To do -
Nothing but the images should be left out when the entries are restated word for word.

[Items from a data source]

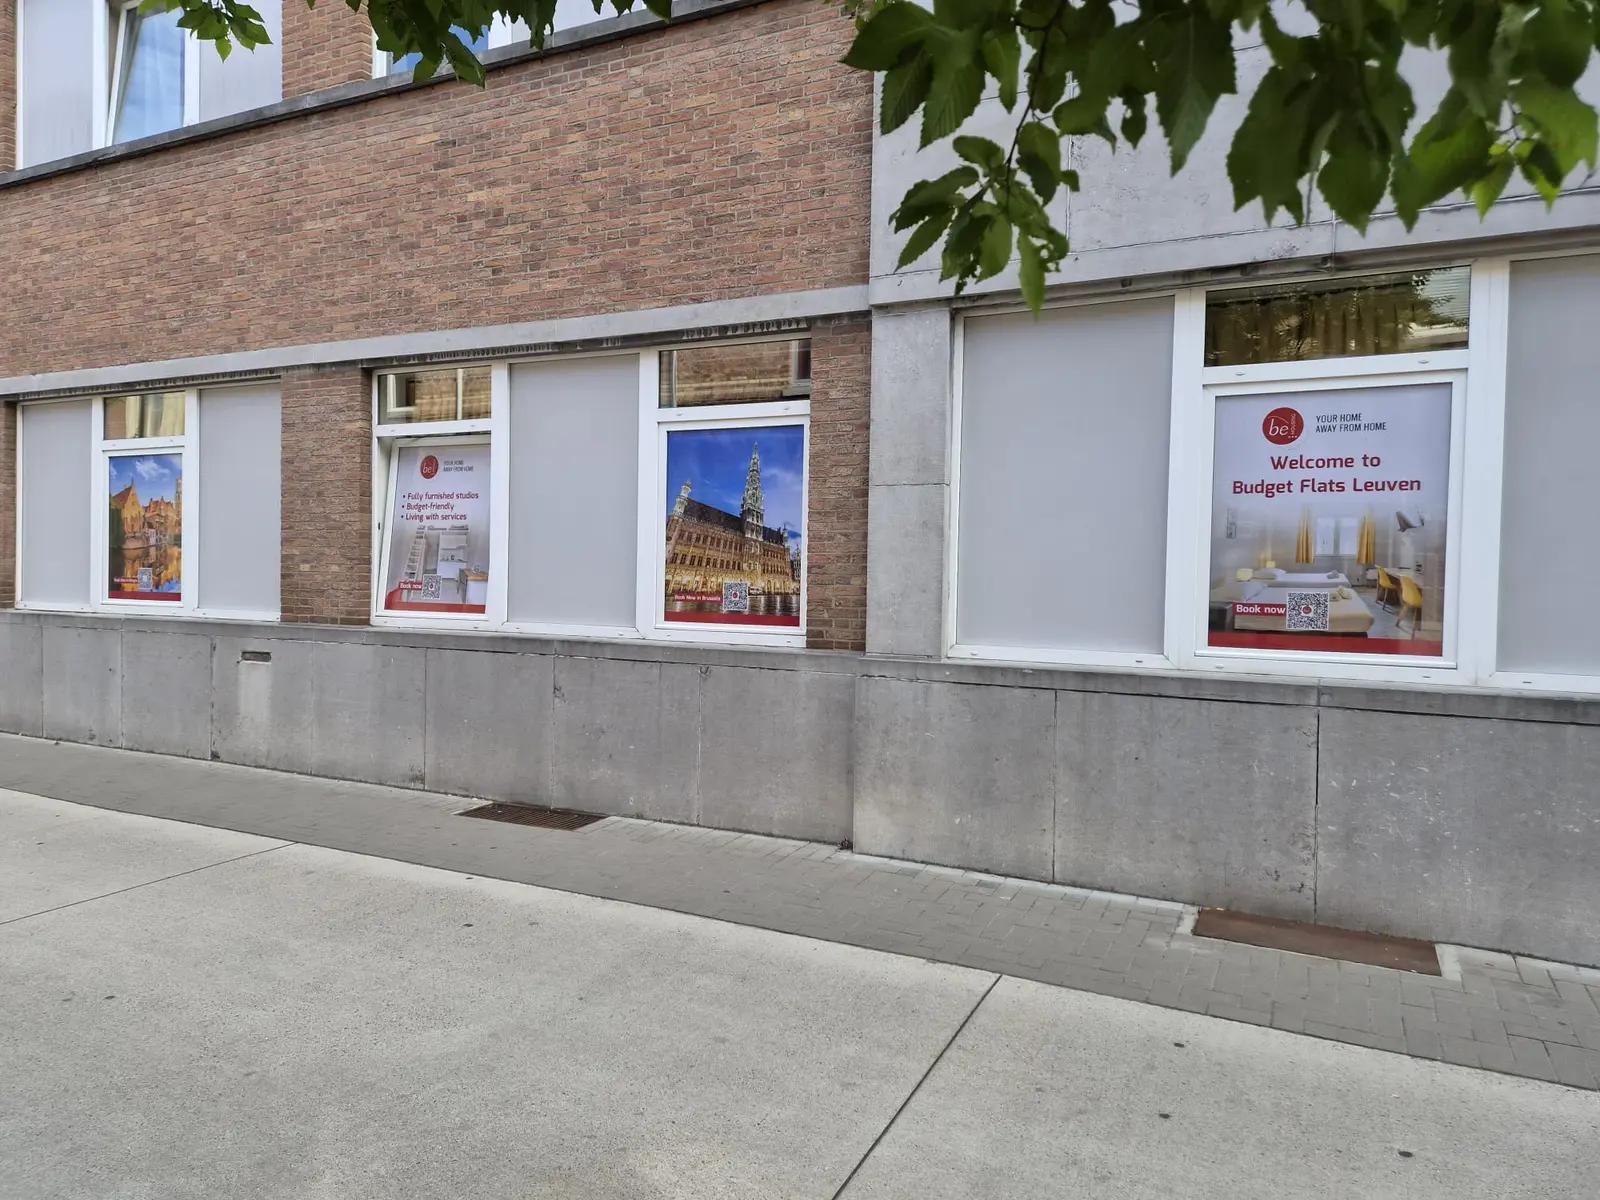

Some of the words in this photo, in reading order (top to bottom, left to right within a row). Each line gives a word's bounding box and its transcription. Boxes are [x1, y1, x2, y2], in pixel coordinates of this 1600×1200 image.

[1315, 414, 1338, 423] YOUR
[1340, 413, 1362, 422] HOME
[1268, 419, 1289, 436] be
[1315, 424, 1338, 433] AWAY
[1339, 423, 1361, 432] FROM
[1363, 422, 1387, 431] HOME
[1270, 454, 1355, 470] Welcome
[1361, 453, 1381, 467] to
[1232, 479, 1293, 498] Budget
[1300, 478, 1346, 493] Flats
[1352, 477, 1421, 492] Leuven
[407, 492, 423, 501] Fully
[425, 491, 454, 500] furnished
[455, 491, 479, 499] studios
[406, 502, 454, 512] Budget-friendly
[405, 513, 423, 522] Living
[1236, 604, 1261, 613] Book
[1264, 606, 1286, 614] now
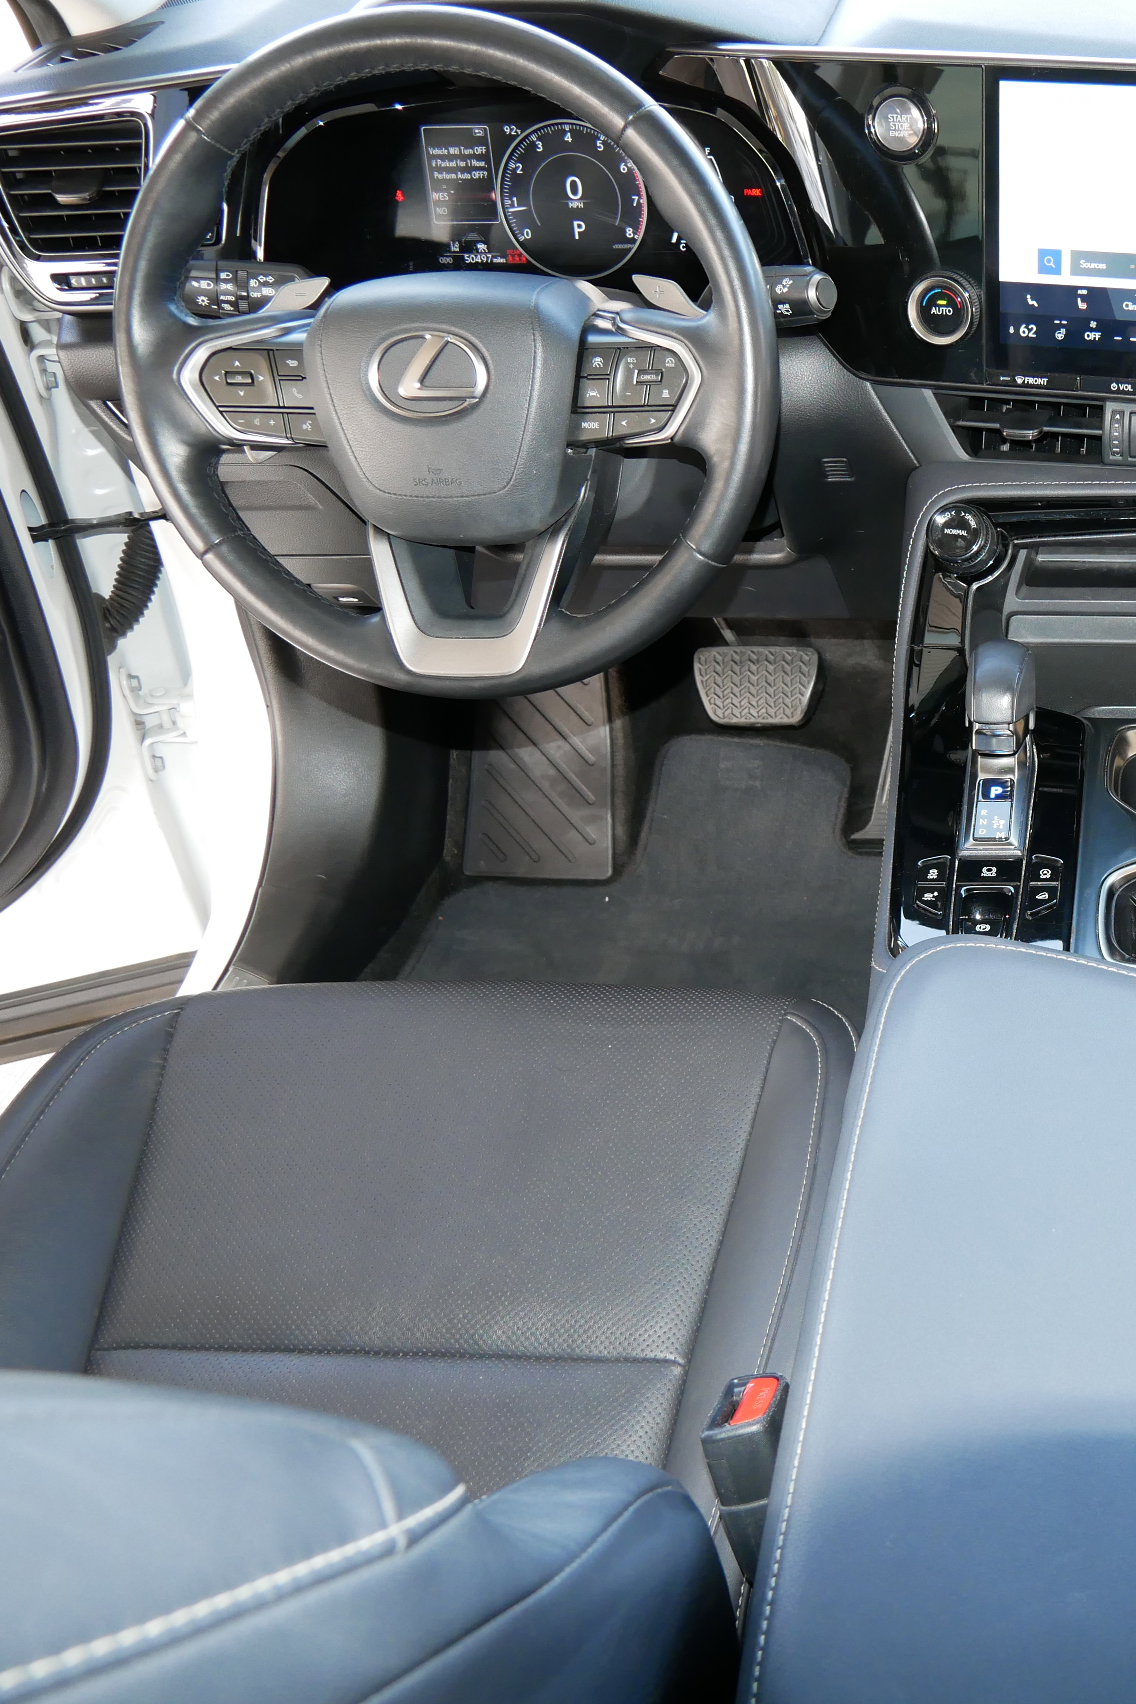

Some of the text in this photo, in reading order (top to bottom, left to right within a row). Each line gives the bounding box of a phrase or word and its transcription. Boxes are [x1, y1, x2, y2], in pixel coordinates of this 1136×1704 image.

[888, 114, 911, 122] START
[564, 132, 572, 142] 4
[428, 146, 448, 154] Vehicle
[474, 146, 486, 154] OFF
[535, 141, 543, 151] 3
[596, 140, 604, 151] 5
[515, 163, 523, 173] 2
[620, 163, 628, 173] 6
[457, 171, 471, 179] Auto
[472, 171, 487, 179] OFF?
[565, 176, 583, 200] 0
[512, 196, 518, 207] 1
[632, 196, 639, 206] 7
[523, 228, 532, 239] 0
[573, 220, 586, 240] P
[625, 227, 634, 238] 8
[464, 254, 492, 264] 50497
[1079, 259, 1107, 270] Sources
[930, 306, 953, 316] AUTO
[1019, 324, 1037, 338] 62
[1084, 331, 1101, 341] OFF
[1024, 377, 1048, 386] FRONT
[1118, 383, 1133, 392] VOL
[581, 421, 600, 429] MODE
[944, 528, 968, 536] NORMAL
[990, 786, 1003, 798] P

Output below -
Some of the words in this photo, in reading order (top to bottom, left to right within a row). Each line gives a word's bounding box and its transcription. Boxes are [x1, y1, x2, y2], in pixel coordinates of this 1600×1200 image.

[1315, 414, 1338, 423] YOUR
[1340, 413, 1362, 422] HOME
[1268, 419, 1289, 436] be
[1315, 424, 1338, 433] AWAY
[1339, 423, 1361, 432] FROM
[1363, 422, 1387, 431] HOME
[1270, 454, 1355, 470] Welcome
[1361, 453, 1381, 467] to
[1232, 479, 1293, 498] Budget
[1300, 478, 1346, 493] Flats
[1352, 477, 1421, 492] Leuven
[407, 492, 423, 501] Fully
[425, 491, 454, 500] furnished
[455, 491, 479, 499] studios
[406, 502, 454, 512] Budget-friendly
[405, 513, 423, 522] Living
[1236, 604, 1261, 613] Book
[1264, 606, 1286, 614] now

Some of the text in this photo, in reading order (top to bottom, left to right within a row). Each line gives the bounding box of a phrase or word and its transcription. Boxes are [x1, y1, x2, y2], in pixel coordinates of this 1136×1704 image.

[888, 114, 911, 122] START
[564, 132, 572, 142] 4
[428, 146, 448, 154] Vehicle
[474, 146, 486, 154] OFF
[535, 141, 543, 151] 3
[596, 140, 604, 151] 5
[515, 163, 523, 173] 2
[620, 163, 628, 173] 6
[457, 171, 471, 179] Auto
[472, 171, 487, 179] OFF?
[565, 176, 583, 200] 0
[512, 196, 518, 207] 1
[632, 196, 639, 206] 7
[523, 228, 532, 239] 0
[573, 220, 586, 240] P
[625, 227, 634, 238] 8
[464, 254, 492, 264] 50497
[1079, 259, 1107, 270] Sources
[930, 306, 953, 316] AUTO
[1019, 324, 1037, 338] 62
[1084, 331, 1101, 341] OFF
[1024, 377, 1048, 386] FRONT
[1118, 383, 1133, 392] VOL
[581, 421, 600, 429] MODE
[944, 528, 968, 536] NORMAL
[990, 786, 1003, 798] P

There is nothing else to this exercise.